Maybe 4) is a bit less important here, or I would a bit make
it more precise: considered with your fetchSize together
(driver setting on the query level)
By experience one reason could be if the query which used to
works starts not to work any longer is growing number of data.
And a possible "wide cluster" problem.
Do you have monitoring on the Cassandra machines? What does
iowait show? (for us when things like this will start
happening is a clean indication)
cheers
Attila Wind
http://www.linkedin.com/in/attilaw
Mobile: +49 176 43556932
14.09.2020 18:36 keltezéssel, Aaron Ploetz írta:
Deepak,
Can you reply with:
1) The query you are trying to run.
2) The table definition (PRIMARY KEY, specifically).

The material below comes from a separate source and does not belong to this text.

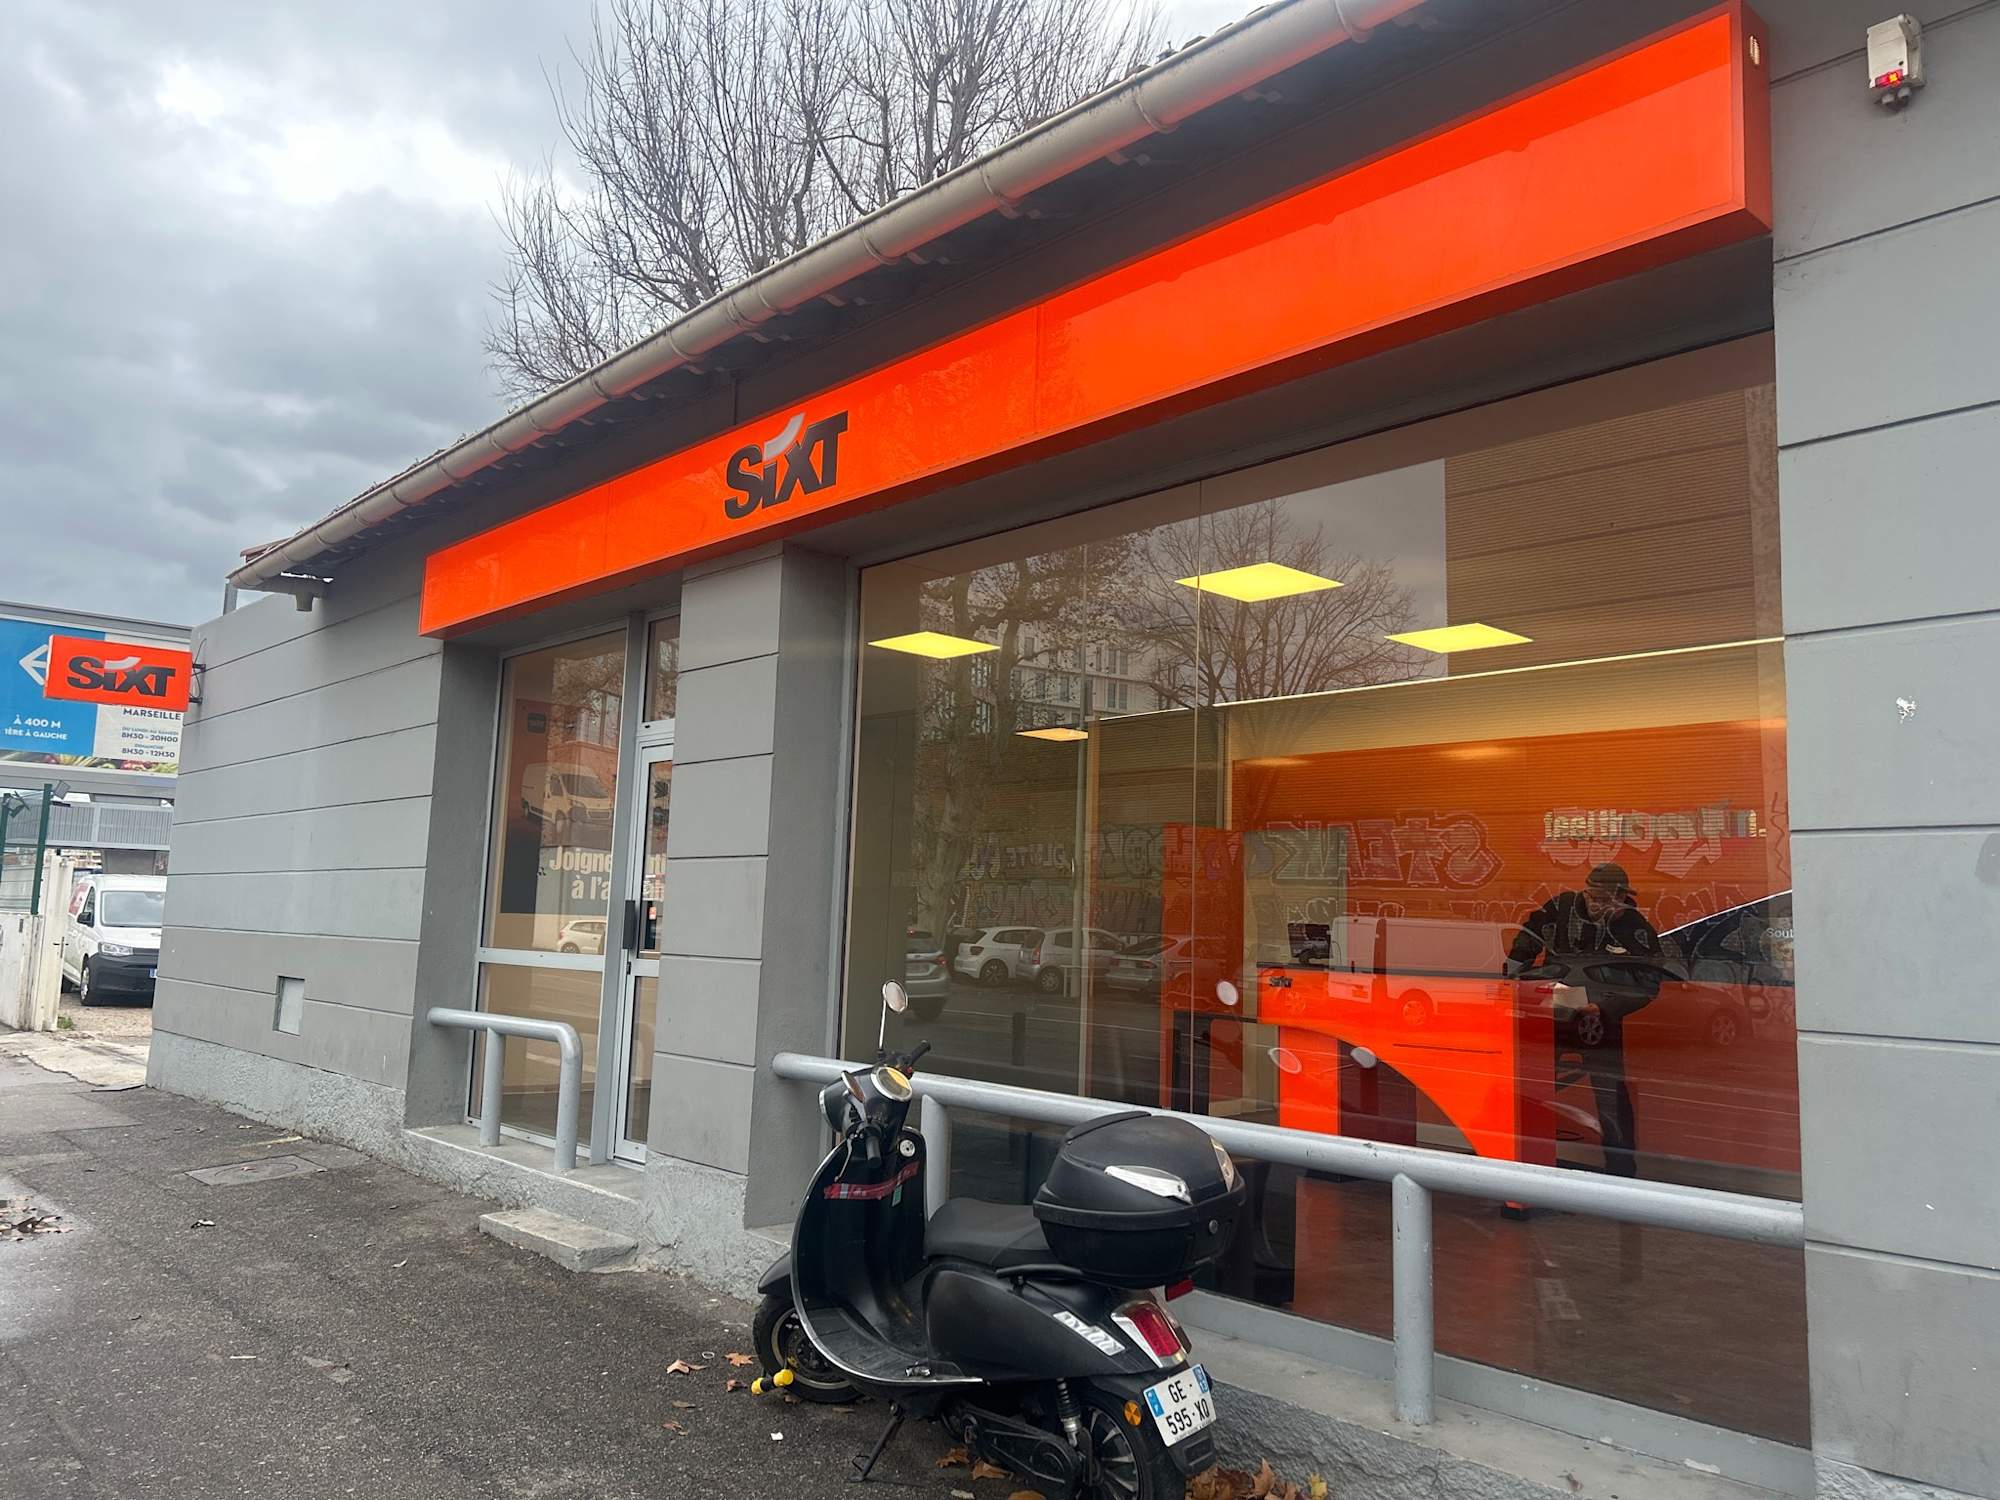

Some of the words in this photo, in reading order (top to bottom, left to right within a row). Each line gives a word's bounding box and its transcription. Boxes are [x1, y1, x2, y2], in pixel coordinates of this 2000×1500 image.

3) Maybe a little description of what the table is designed
to do.
4) How much data you're expecting returned (both # of rows
and data size).
Thanks,
Aaron
On Mon, Sep 14, 2020 at 10:58 AM Deepak Sharma
<sharma.dee...@salesforce.com.invalid>
<mailto:sharma.dee...@salesforce.com.invalid> wrote:
Hi There,
We are running into a strange issue in our Cassandra
Cluster where one specific query is failing with
following error:
Cassandra timeout during read query at consistency QUORUM
(3 responses were required but only 0 replica responded)
This is not a typical query read timeout that we know for
sure. This error is getting spit out within 5 seconds and
the query timeout we have set is around 30 seconds
Can we know what is happening here and how can we
reproduce this in our local environment?
Thanks,
Deepak